Information given
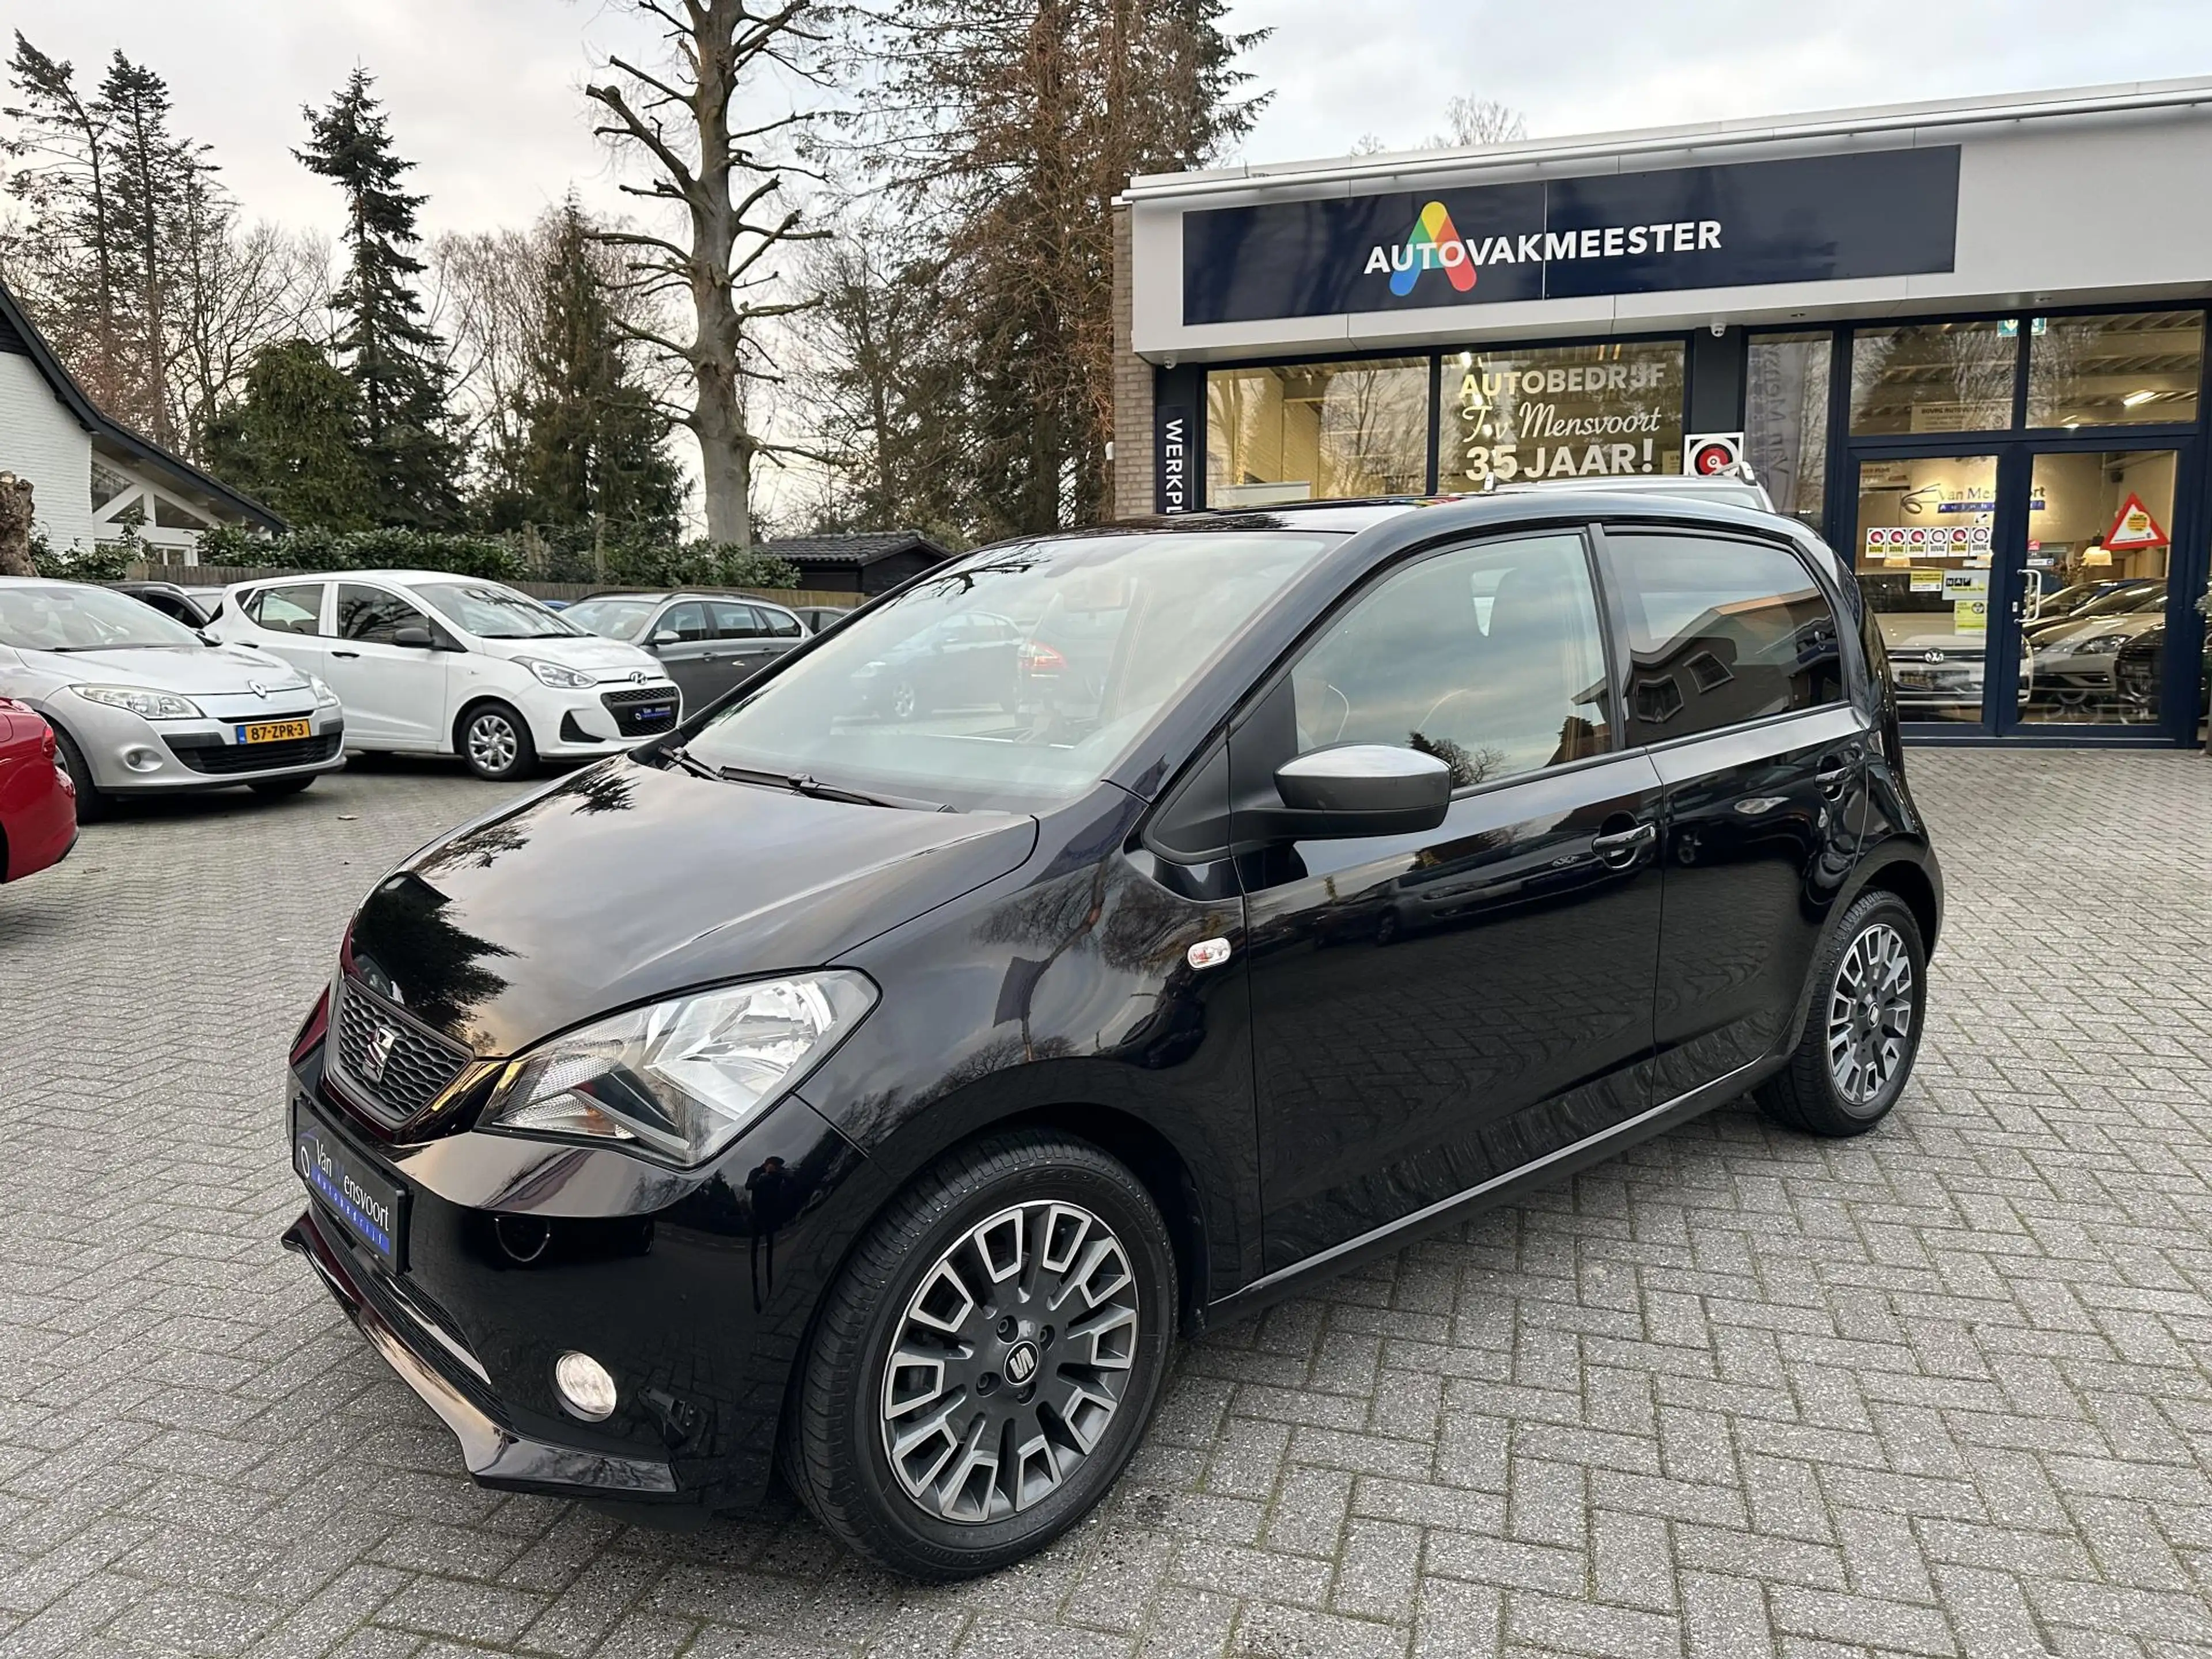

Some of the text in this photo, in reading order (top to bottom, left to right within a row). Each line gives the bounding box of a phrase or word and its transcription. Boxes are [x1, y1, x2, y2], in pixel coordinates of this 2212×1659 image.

[1363, 220, 1722, 274] AUTOVAKMEESTER
[1459, 363, 1666, 399] AUTOBEDRIJF
[1518, 402, 1662, 438] Mensvoort
[1465, 438, 1653, 482] 35 JAAR!
[251, 724, 304, 741] 87-ZPR-3
[316, 1138, 332, 1177] Van
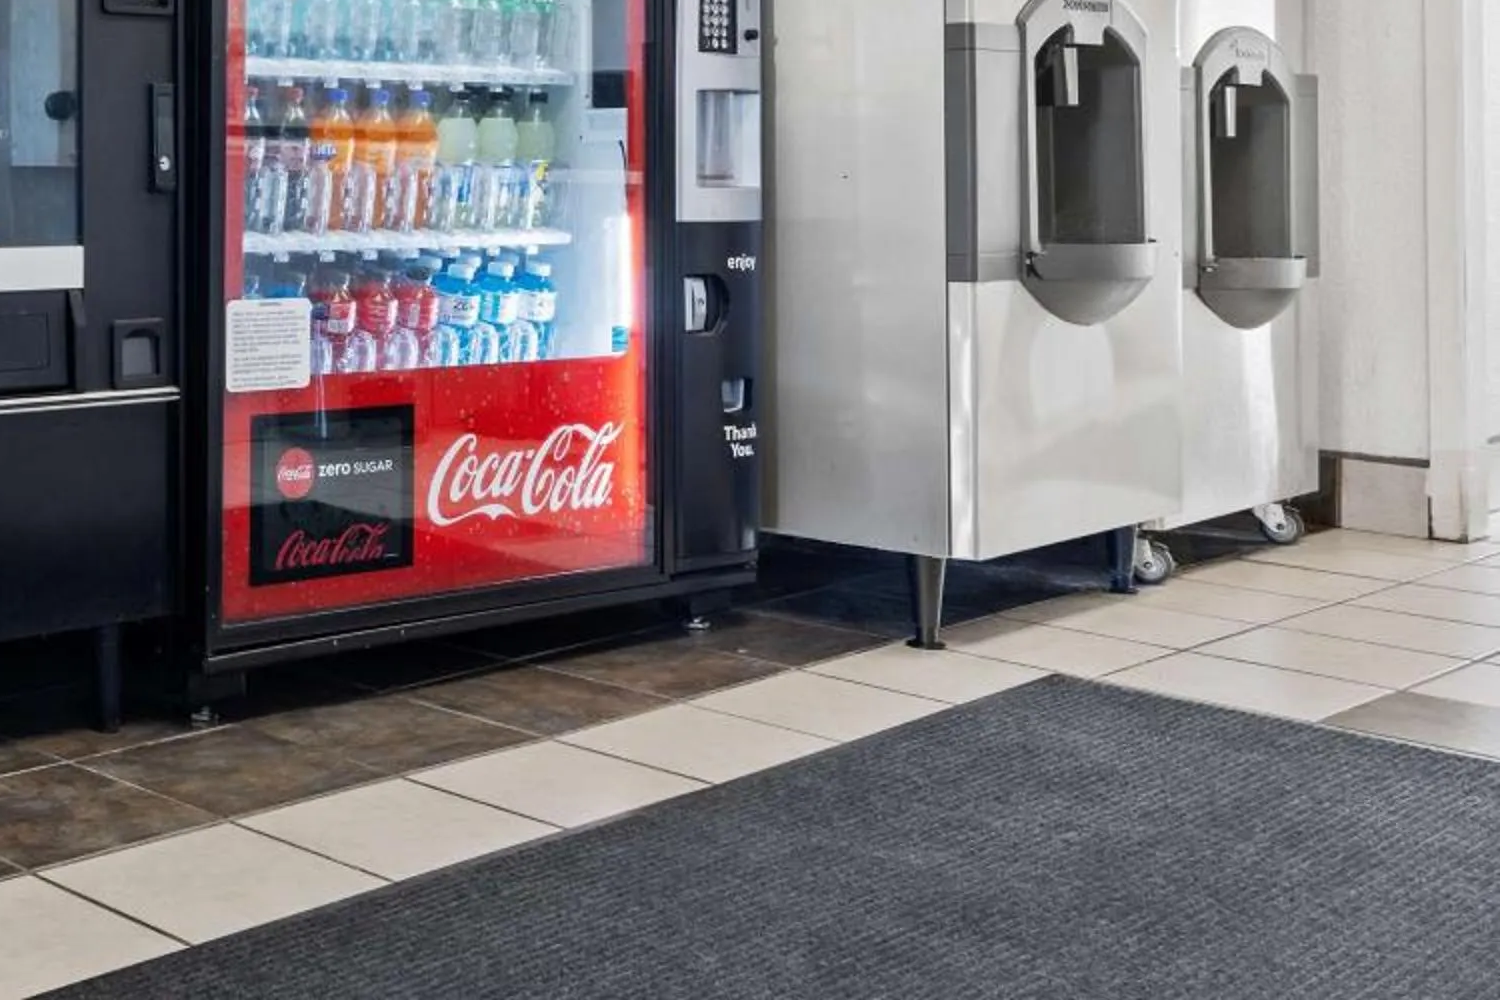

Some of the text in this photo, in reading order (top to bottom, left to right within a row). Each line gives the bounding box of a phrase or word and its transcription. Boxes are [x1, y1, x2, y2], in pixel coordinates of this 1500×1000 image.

[727, 253, 756, 272] enjoy
[318, 462, 351, 478] zero
[352, 459, 394, 475] SUGAR
[427, 421, 624, 526] Coca-Cola
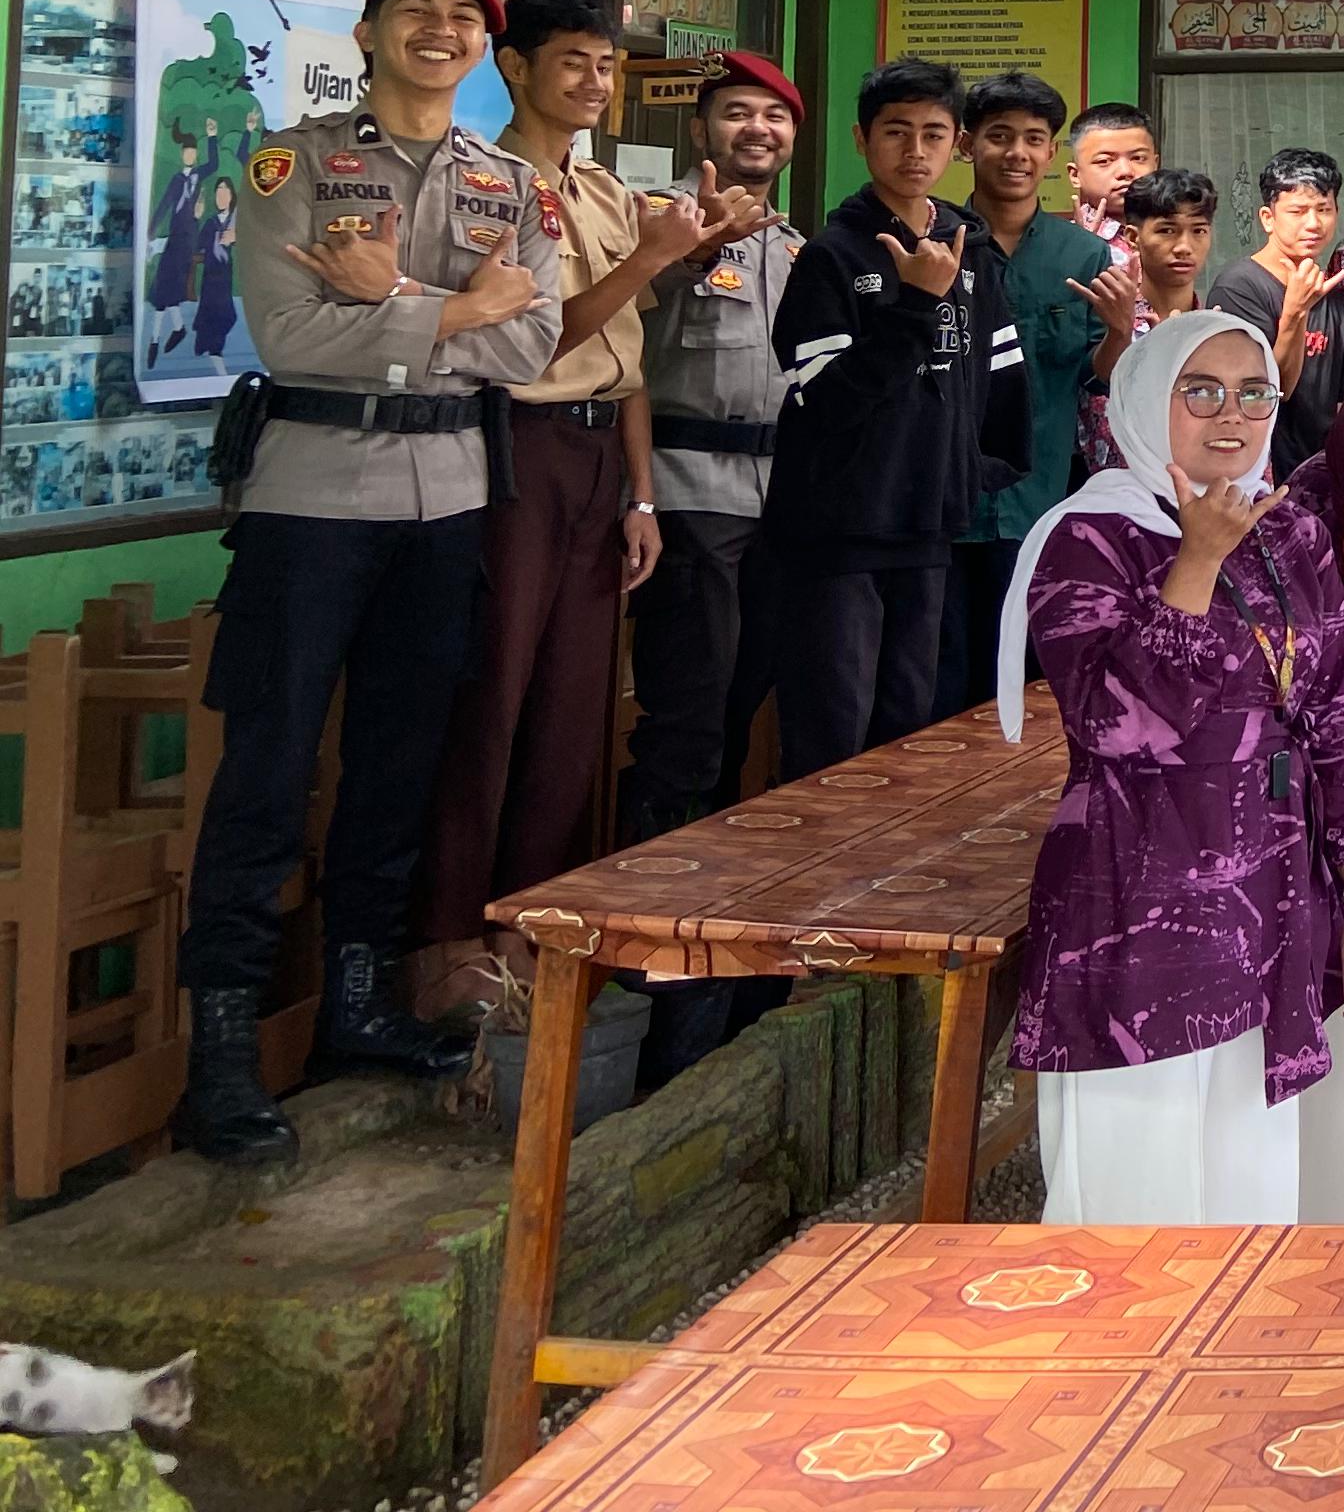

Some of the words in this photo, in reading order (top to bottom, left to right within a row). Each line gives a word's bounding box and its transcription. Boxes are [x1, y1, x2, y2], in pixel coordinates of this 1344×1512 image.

[303, 62, 353, 105] Ujian
[650, 83, 703, 98] KANT
[454, 194, 521, 224] POLRI
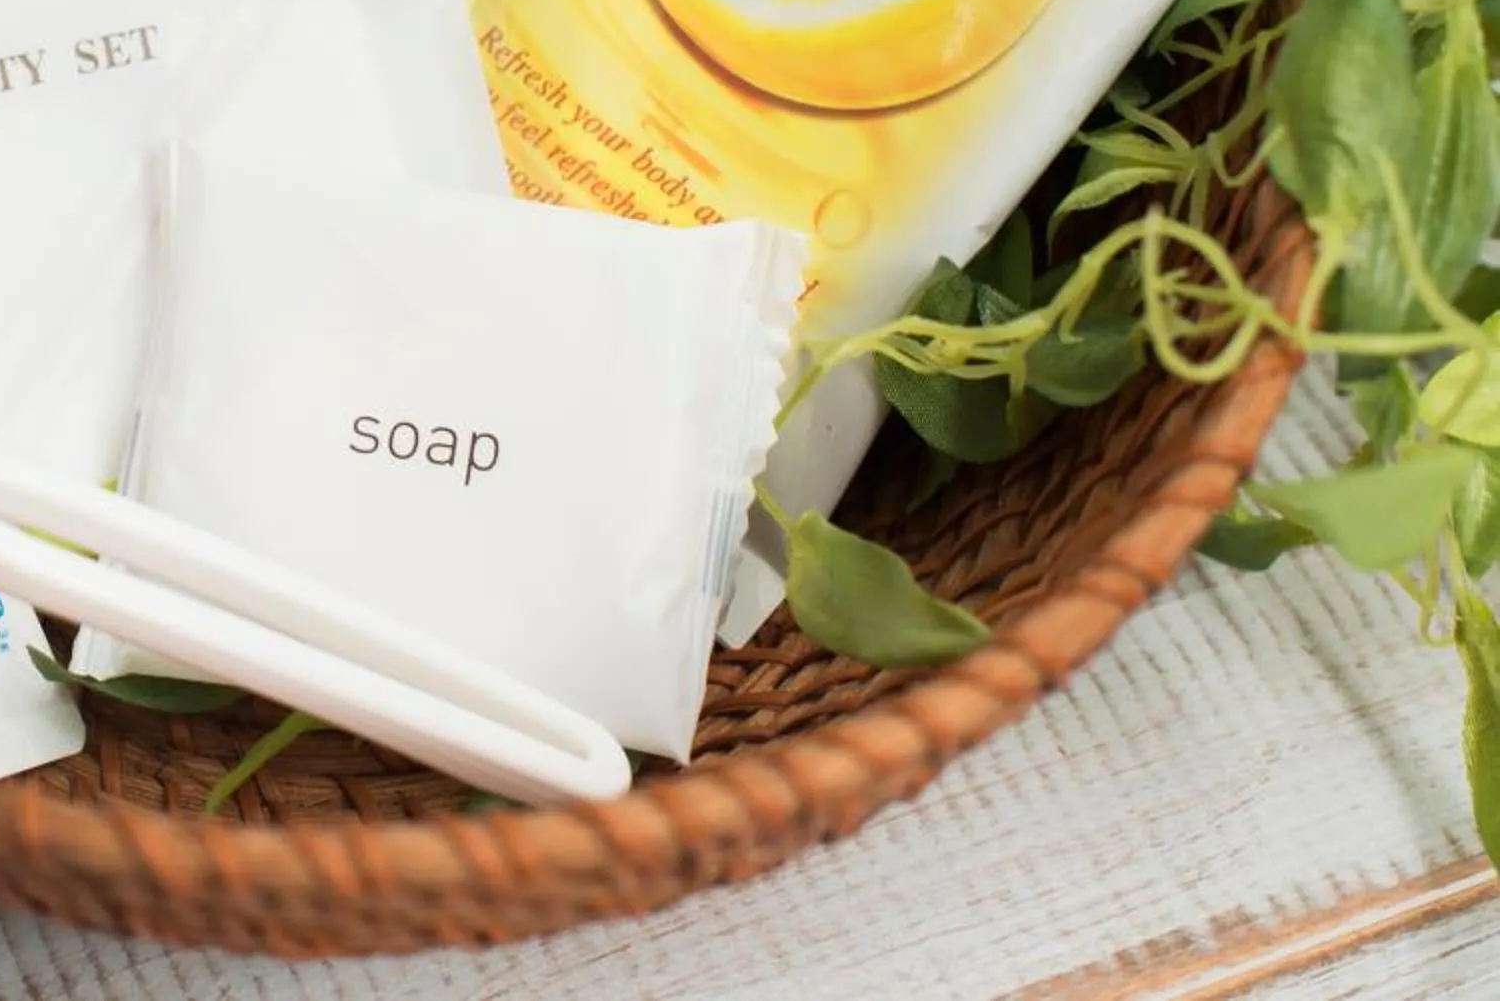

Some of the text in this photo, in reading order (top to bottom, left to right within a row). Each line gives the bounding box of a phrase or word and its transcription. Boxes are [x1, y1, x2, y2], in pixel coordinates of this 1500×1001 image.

[73, 24, 159, 76] SET
[478, 25, 569, 109] Refresh
[561, 103, 633, 153] your
[630, 147, 697, 209] body
[497, 100, 670, 226] feel refreshe
[348, 415, 500, 487] soap

Exercise prompt
From the first line to the last, retype the material exactly and exclude the pictures.

Answer section
Some of the text in this photo, in reading order (top to bottom, left to right within a row). Each line gives the bounding box of a phrase or word and its transcription. Boxes are [x1, y1, x2, y2], in pixel coordinates of this 2212×1659 image.

[1363, 220, 1722, 274] AUTOVAKMEESTER
[1459, 363, 1666, 399] AUTOBEDRIJF
[1518, 402, 1662, 438] Mensvoort
[1465, 438, 1653, 482] 35 JAAR!
[251, 724, 304, 741] 87-ZPR-3
[316, 1138, 332, 1177] Van

Some of the text in this photo, in reading order (top to bottom, left to right within a row). Each line gives the bounding box of a phrase or word and its transcription. Boxes are [x1, y1, x2, y2], in pixel coordinates of this 1500×1000 image.

[727, 253, 756, 272] enjoy
[318, 462, 351, 478] zero
[352, 459, 394, 475] SUGAR
[427, 421, 624, 526] Coca-Cola

Some of the words in this photo, in reading order (top to bottom, left to right within a row). Each line gives a word's bounding box and its transcription. Boxes are [x1, y1, x2, y2], in pixel coordinates of this 1344×1512 image.

[303, 62, 353, 105] Ujian
[650, 83, 703, 98] KANT
[454, 194, 521, 224] POLRI

Some of the text in this photo, in reading order (top to bottom, left to right within a row). Each line gives the bounding box of a phrase or word and its transcription. Boxes are [x1, y1, x2, y2], in pixel coordinates of this 1500×1001 image.

[73, 24, 159, 76] SET
[478, 25, 569, 109] Refresh
[561, 103, 633, 153] your
[630, 147, 697, 209] body
[497, 100, 670, 226] feel refreshe
[348, 415, 500, 487] soap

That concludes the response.